Séance du mercredi 28 septembre.

M. Duport présente la rédaction du décret rendu hier relativement à l'existence politique des juifs en France.

M. Broglie: Il est nécessaire que l'Assemblée prenne des précautions pour que ce décret n'ait pas de mauvais effets en Alsace; car d'après les intrigues dont l'influence se fait déjà sentir, il pourrait en avoir de très-mauvais. Il faut donc qu'il ne puisse être mal interprété, et qu'il soit dit que la prestation du serment civique, de la part des juifs, sera regardée comme une renonciation formelle aux lois civiles et politiques auxquelles les individus juifs se croient particulièrement soumis.

L'amendement de M. Broglie est adopté.

M. Rewbell: La manière dont le décret a été rendu hier sans discussion, sans rédaction préalable, sans examen, les inconvénients qui pourraient en être la suite détermineront, j'espère, l'Assemblée à me permettre aujourd'hui quelques réflexions sur cette rédaction. (On murmure.)

M. Chabroud: Je demande qu'il n'y ait plus de discussion, puisque le décret est rendu.

M. Rewbell: On vous propose aujourd'hui une nouvelle rédaction, vous ne voudrez pas sans doute écarter des réflexions qui tiennent à l'exécution même de votre décret; car si l'on ne vous instruit pas des localités, vous ne ferez rien de raisonnable. Si vous refusez d'entendre toute discussion, soyez persuadés que dans mon pays les ennemis du bien public feront croire aux habitants que les usuriers ont trouvé à Paris de puissants protecteurs.
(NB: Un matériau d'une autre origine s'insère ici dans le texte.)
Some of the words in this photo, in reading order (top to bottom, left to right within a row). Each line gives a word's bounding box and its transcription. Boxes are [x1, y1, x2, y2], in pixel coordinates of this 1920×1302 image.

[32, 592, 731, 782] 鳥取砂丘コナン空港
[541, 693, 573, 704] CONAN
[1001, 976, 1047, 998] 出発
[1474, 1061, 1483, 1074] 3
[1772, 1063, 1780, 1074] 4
Vous avez révoqué le décret rendu en faveur des gens de couleur, libres, nés de sang français. (On murmure). Eh bien! si l'Assemblée ne veut pas être instruite, je la rends responsable de tous les troubles que peut susciter en Alsace le décret d'hier, dans un moment où les prêtres réfrac

taires redoublent les intrigues du fanatisme, et où le royaume se trouvera momentanément sans autorité.....
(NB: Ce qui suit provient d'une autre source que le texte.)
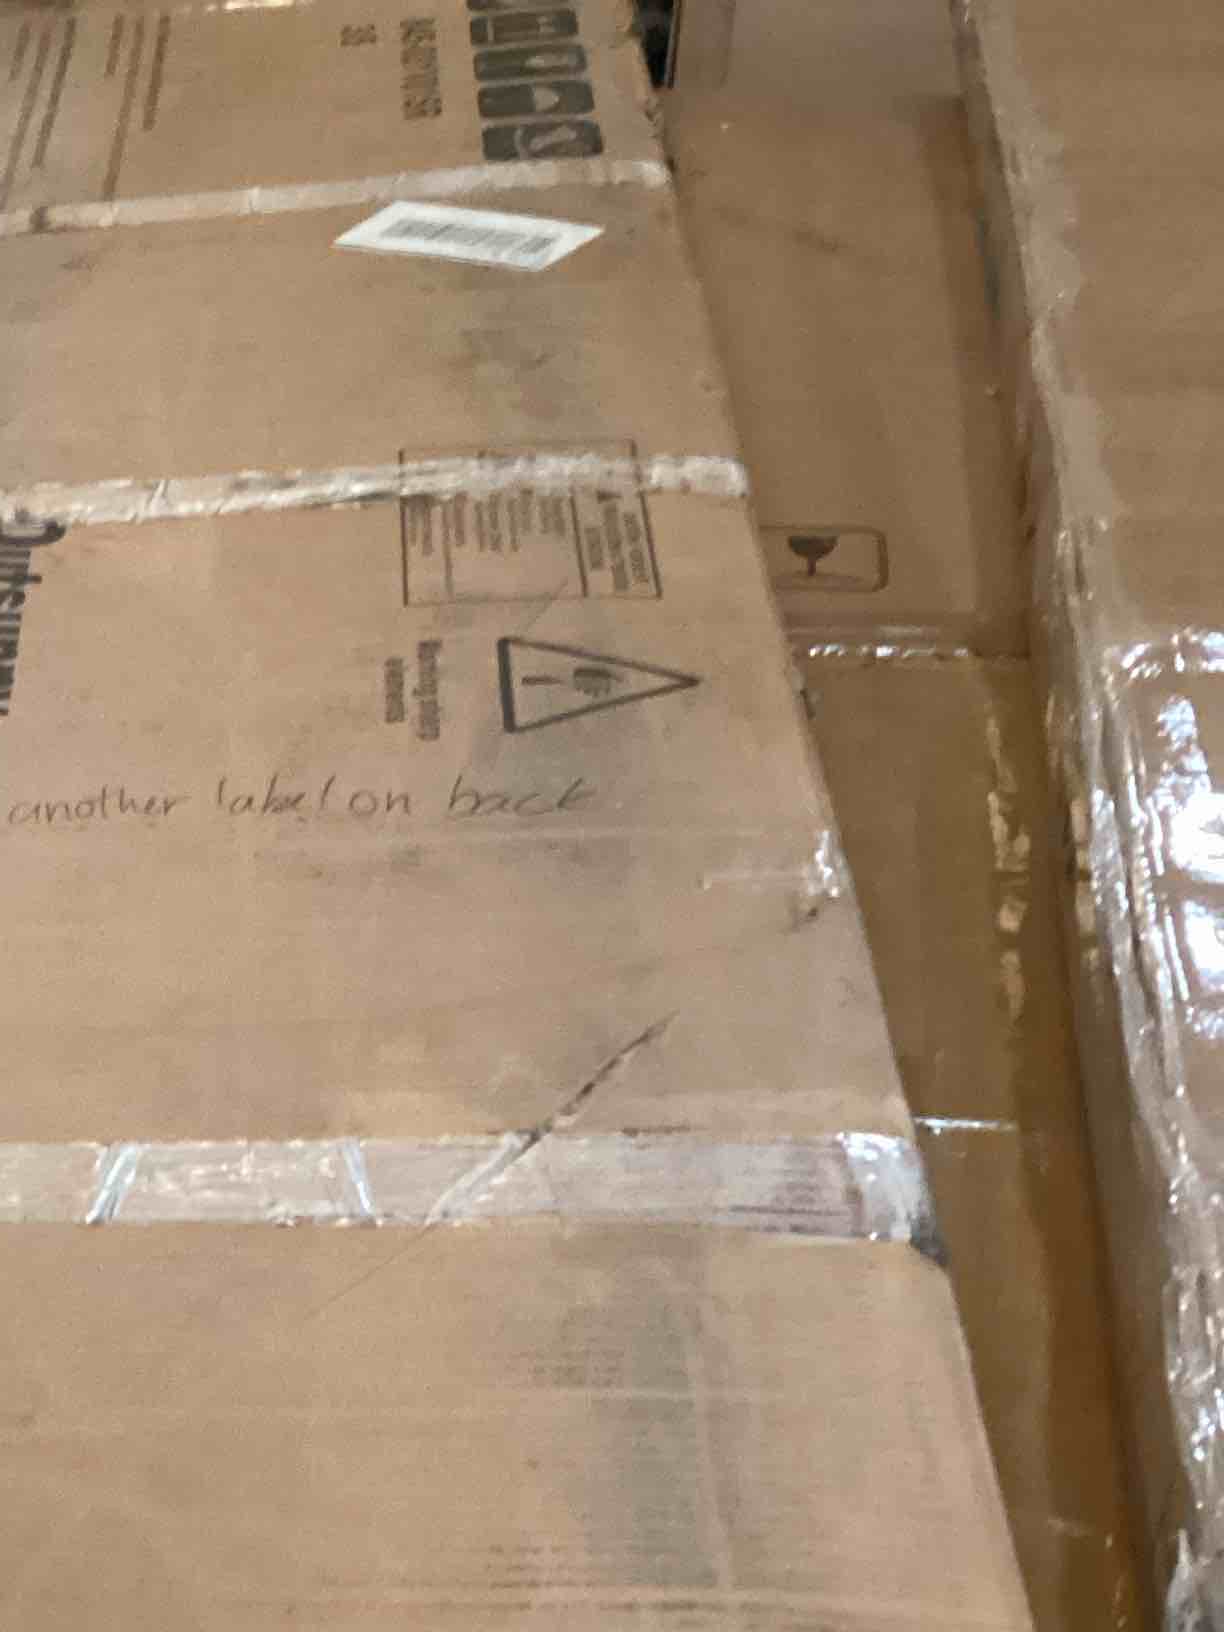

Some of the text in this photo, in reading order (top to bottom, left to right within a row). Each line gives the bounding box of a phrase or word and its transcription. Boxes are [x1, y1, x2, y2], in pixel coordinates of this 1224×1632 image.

[7, 785, 192, 825] another
[347, 788, 413, 818] on
[446, 774, 599, 822] back
Le président: Sur quoi voulez-vous parler?

M. Rewbell: Je demande à faire connaître le véritable état

de la question.

M. Prugnon: Je demande qu'au lieu de mettre: sera regardé comme une renonciation à leurs lois civiles, etc., etc; on mette: sera regardé comme une renonciation à leurs priviléges; car les lois civiles des juifs sont identifiées à leurs lois religieuses; et il n'est pas dans notre intention d'exiger qu'ils abjurent leur religion.

M. Rewbell Vous voulez que votre décret soit exécuté; or, le vrai moyen de le faire exécuter sans secousses ni troubles, m'a été suggéré par les juifs eux-mêmes et par ceux qui s'intéressent à leur sort. Depuis quarante ans, des convulsions continuelles résultent de l'oppression usurière dans laquelle gémit la classe pauvre du peuple. Les juifs eux-mêmes sentent qu'ils ne peuvent vivre à côté de ces malheureux, avant que tous ces procès soient terminés. Les cahiers des trois ordres ont chargé les députés de l'Alsace de demander que les États-Généraux prissent des précautions pour liquider ces créances: faites donc que nous puissions enfin dire à nos concitoyens que vous avez voulu venir à leur secours, et que l'Assemblée nationale n'est pas moins bien intentionnée pour eux que pour les juifs.

Je vous propose donc de décréter que dans le délai d'un mois, les juifs d'Alsace, donneront aux directoires de district du domicile de leurs débiteurs, des états détaillés de leurs créances, tant en principal qu'en intérêts, et que les directoires de district prendront tous les renseignements nécessaires sur les moyens de libération des débiteurs, afin que sur l'avis motivé des directoires de départements, le corps législatif puisse statuer sur les moyens de liquider ces créances.

Ce sera le seul moyen de calmer cette classe nombreuse et malheureuse qui vit sous l'oppression usurière des juifs. Elle

verra qu'on s'est occupé de son sort. Les juifs sont dans ce moment, en Alsace, créanciers d'environ 12 à 15 millions, tant en capital qu'en intérêts, de cette classe du peuple. Si l'on considère que la réunion des débiteurs ne possède pas 3 millions, et que les juifs ne sont pas gens à prêter 15 millions sur 3 millions de vaillant, on sera convaincu qu'il y a au moins sur ces créances, 12 millions d'usure. Les juifs, disent eux-mêmes que si on leur donnait 4 millions pour la totalité de ces créances, ils seraient fort contents. Par le moyen que je vous propose, on connaîtra la véritable valeur des créances, et on donnera ce qu'il sera possible de donner; sans cela, vous aliénez les esprits contre votre Constitution. Voyez cette Assemblée nationale, dira-t-on, elle a tout fait pour des usuriers, et elle n'a pas pensé à nous tirer de nos malheurs.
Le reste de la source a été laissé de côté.